Authors: Lucy McAllister*, Babson College, Siddharth Vedula, Babson College, Maxwell Boykoff, University of Colorado Boulder
Topics: Environment, Environmental Perception, Quantitative Methods
Keywords: climate change; media; solutions; topic modeling
Session Type: Paper
Start / End Time: 8:00 AM / 9:15 AM
Room: Plaza Court 1, Sheraton, Concourse Level
Presentation File: No File Uploaded
Human-induced climate change threatens biodiversity, land erosion, and the very subsistence of humans on the planet (IPCC, 2018).

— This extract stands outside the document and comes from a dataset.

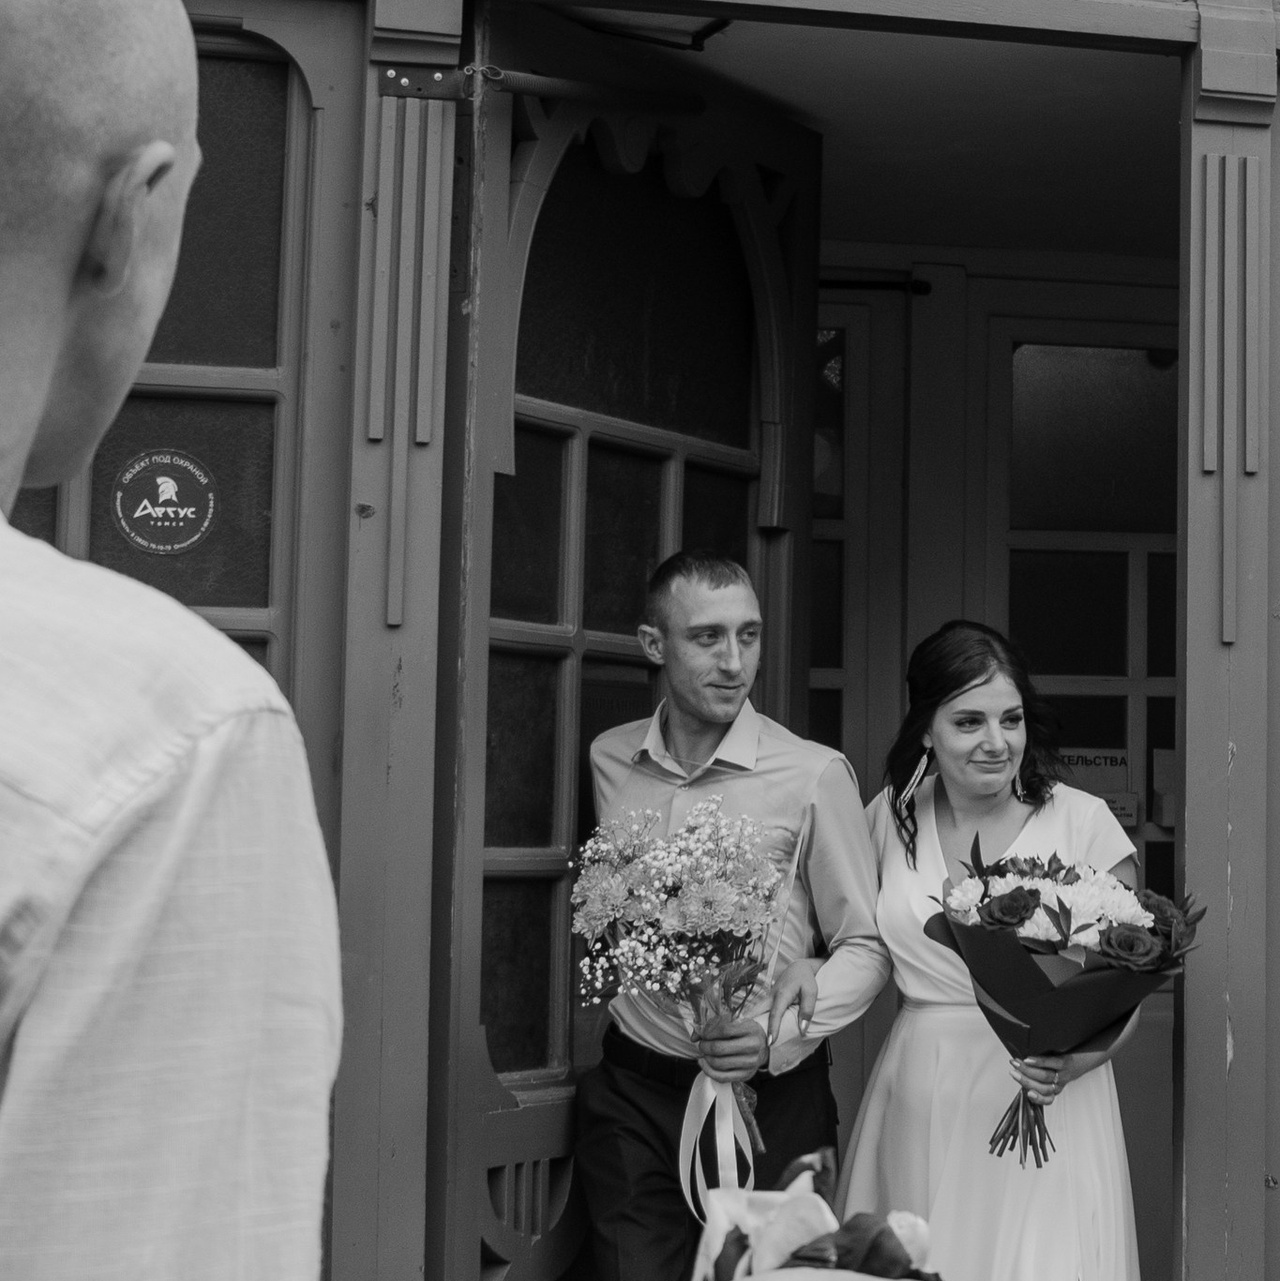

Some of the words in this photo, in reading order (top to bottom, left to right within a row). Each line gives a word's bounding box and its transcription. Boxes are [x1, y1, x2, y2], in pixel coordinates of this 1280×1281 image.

In recent decades, there has been increasing public awareness and heightened concern about climate change (Howe et al., 2015), with the media playing a critical role in bridging the gap between scientific knowledge and societal response (Moser, 2016). In addition, the media has a significant influence on the ways in which climate change is understood, framed, and represented to the general public (Boykoff 2011; Hulme, 2009). In this study, we conduct a cross-national, longitudinal analysis of media reporting on climate change using data from 113 sources in 57 countries in 7 languages, over a 20-year period from 2000-2019. We implement a big-data approach, leveraging a computational text analysis methodology known as topic modeling (Bohr and Dunlap, 2018). Our method allows us to identify cross-national differences in the topics that are covered by print, radio, and television sources (e.g. health, renewable energy, water, development, policy, financial mechanisms) (O’Neill et al., 2015), as well as identify how the incidence of these topics has changed geographically over time. We build on prior research that has examined cross-national differences in climate communication, but has frequently focused either on a) aggregate counts of media coverage, or b) studying specific topics such as climate skepticism (Tranter and Booth, 2015), and public opinion (McCright et al., 2016). These findings can also further conversations on what constitutes effective transboundary climate change solutions discourses.